Oysa bu madde, diğerlerinin temelini oluşturuyor. Kadınlar eşit değilse, hiçbir kalkınma hedefi tam anlamıyla gerçekleşemez. Sürdürülebilirliğin özü, geleceğe zarar vermeden bugünü yaşamaksa, kadınların her alanda eşit katılımı neden hâlâ tartışma konusu? Eğitime, istihdama, siyasete, sağlığa…
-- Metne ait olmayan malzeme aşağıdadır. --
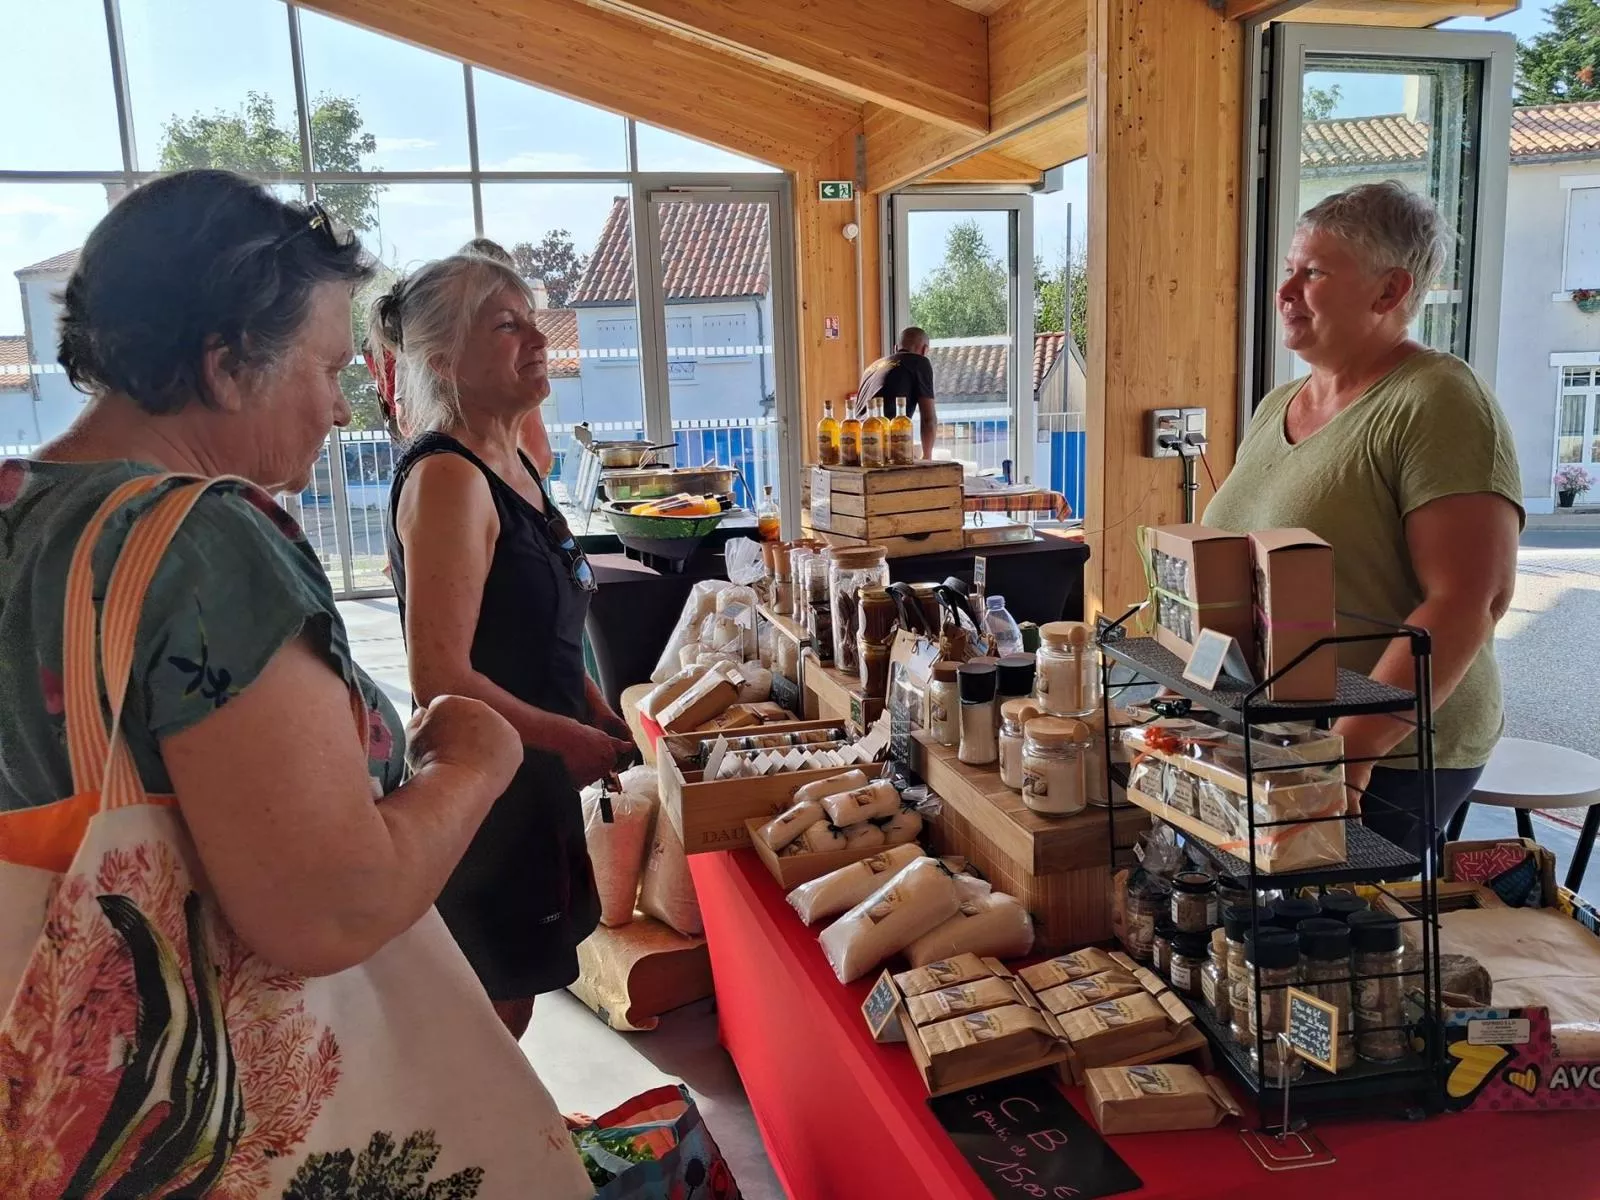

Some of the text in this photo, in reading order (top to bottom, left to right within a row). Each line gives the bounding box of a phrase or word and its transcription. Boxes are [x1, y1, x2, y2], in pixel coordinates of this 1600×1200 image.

Kadınların sistemin dışına itildiği, geri planda tutulduğu bir yapının uzun vadede ayakta kalması mümkün mü? Bu soru bir empati testi değil, kalkınmanın ön koşulu. Kadınların dışlandığı ülkeler, ekonomik olarak daha az gelişiyor. Sosyal uyumu yakalayamıyor. Ekolojik politikaları bile daha kırılgan kalıyor. Çünkü eşitlik, sadece hak değil, aynı zamanda bir sistem güvencesi.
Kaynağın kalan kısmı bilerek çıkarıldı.